Aim of the exercise: Only the text belongs in the copy: repeat each record exactly, without pictures.

/---

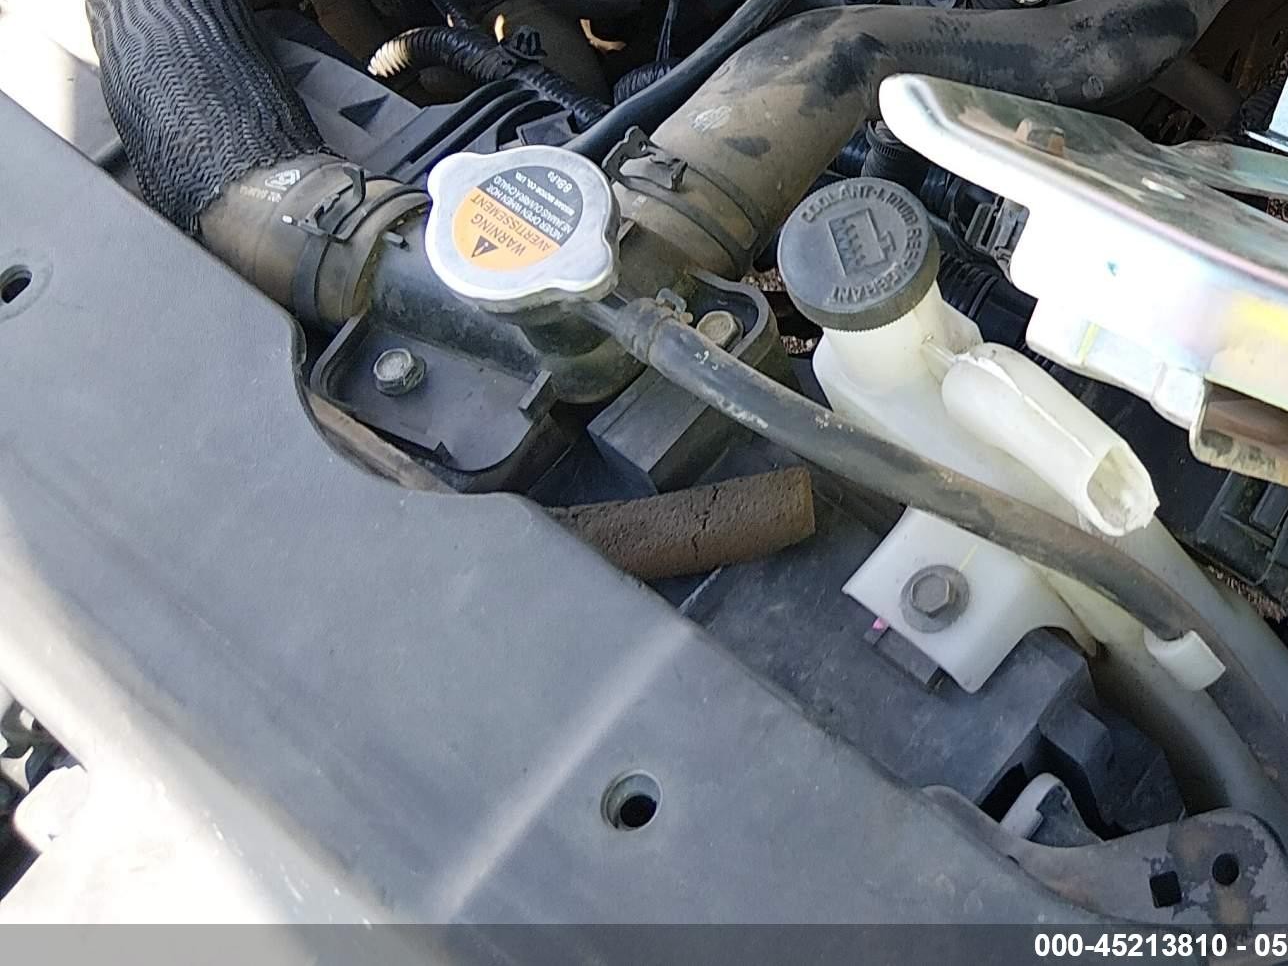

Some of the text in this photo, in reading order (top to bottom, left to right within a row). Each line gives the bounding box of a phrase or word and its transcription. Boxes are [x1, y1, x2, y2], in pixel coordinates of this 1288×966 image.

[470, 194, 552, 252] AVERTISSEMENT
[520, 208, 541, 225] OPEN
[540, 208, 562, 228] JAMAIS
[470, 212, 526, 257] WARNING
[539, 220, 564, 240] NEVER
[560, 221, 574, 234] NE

\---

Reply to the exercise:
Some of the text in this photo, in reading order (top to bottom, left to right within a row). Each line gives the bounding box of a phrase or word and its transcription. Boxes are [x1, y1, x2, y2], in pixel coordinates of this 1288×966 image.

[470, 194, 552, 252] AVERTISSEMENT
[520, 208, 541, 225] OPEN
[540, 208, 562, 228] JAMAIS
[470, 212, 526, 257] WARNING
[539, 220, 564, 240] NEVER
[560, 221, 574, 234] NE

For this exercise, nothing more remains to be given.